◆ **Problem to work on**: Could you transcribe the entries below exactly, without any of the pictures?

◆ **Record extracts**:
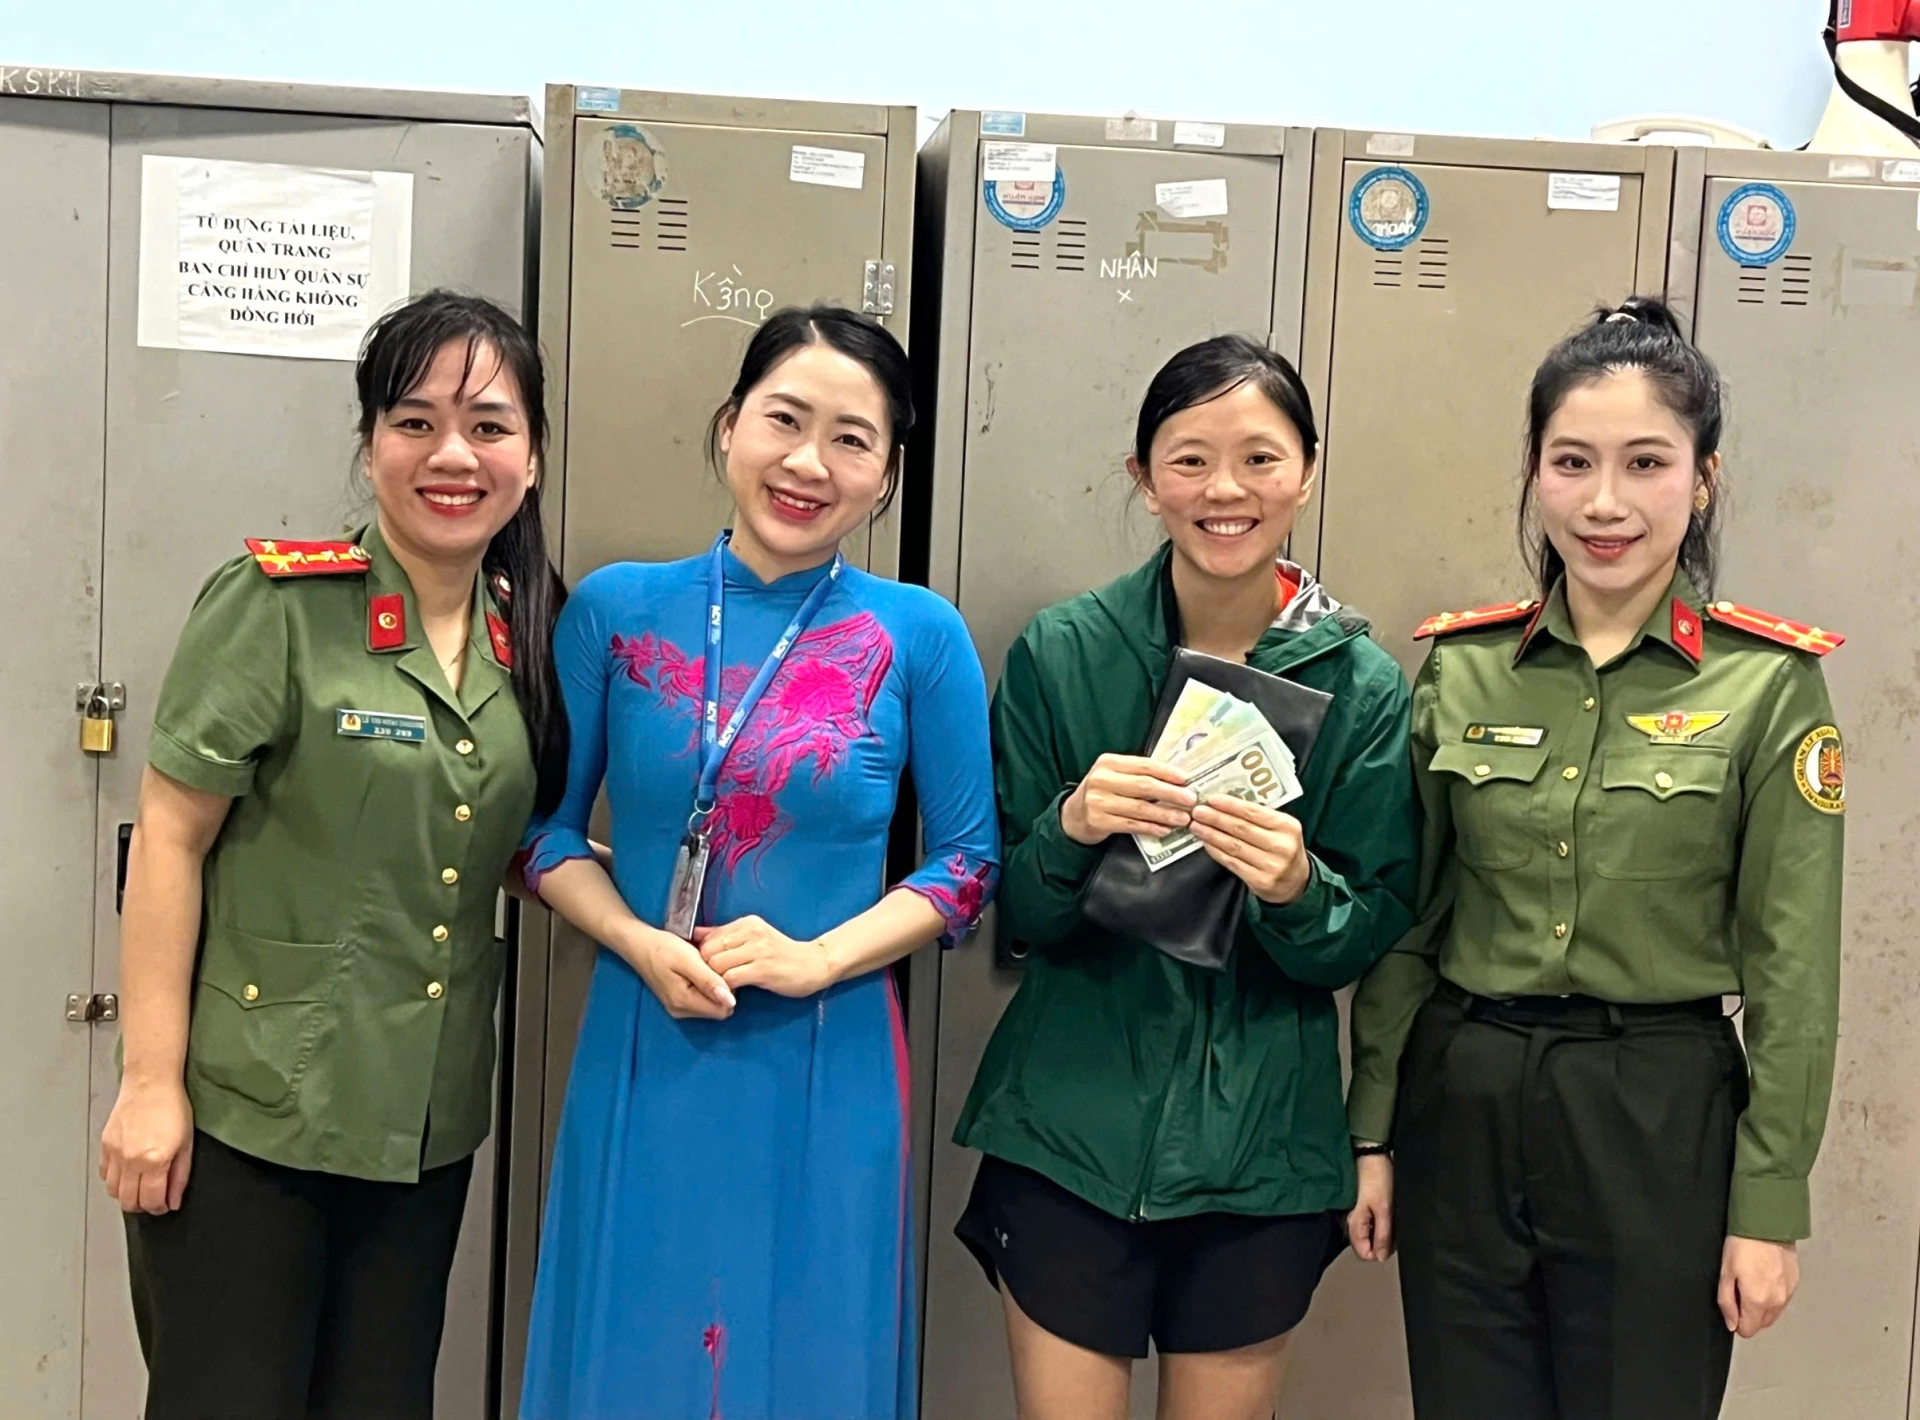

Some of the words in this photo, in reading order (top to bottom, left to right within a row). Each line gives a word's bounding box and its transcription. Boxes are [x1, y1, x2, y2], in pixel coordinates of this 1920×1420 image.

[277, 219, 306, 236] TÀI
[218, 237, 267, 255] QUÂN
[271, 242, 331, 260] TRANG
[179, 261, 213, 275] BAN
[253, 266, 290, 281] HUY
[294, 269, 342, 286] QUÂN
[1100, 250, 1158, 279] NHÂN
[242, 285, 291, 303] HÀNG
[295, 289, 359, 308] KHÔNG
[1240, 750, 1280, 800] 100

◆ **Output below**:
Some of the words in this photo, in reading order (top to bottom, left to right within a row). Each line gives a word's bounding box and its transcription. Boxes are [x1, y1, x2, y2], in pixel coordinates of this 1920×1420 image.

[277, 219, 306, 236] TÀI
[218, 237, 267, 255] QUÂN
[271, 242, 331, 260] TRANG
[179, 261, 213, 275] BAN
[253, 266, 290, 281] HUY
[294, 269, 342, 286] QUÂN
[1100, 250, 1158, 279] NHÂN
[242, 285, 291, 303] HÀNG
[295, 289, 359, 308] KHÔNG
[1240, 750, 1280, 800] 100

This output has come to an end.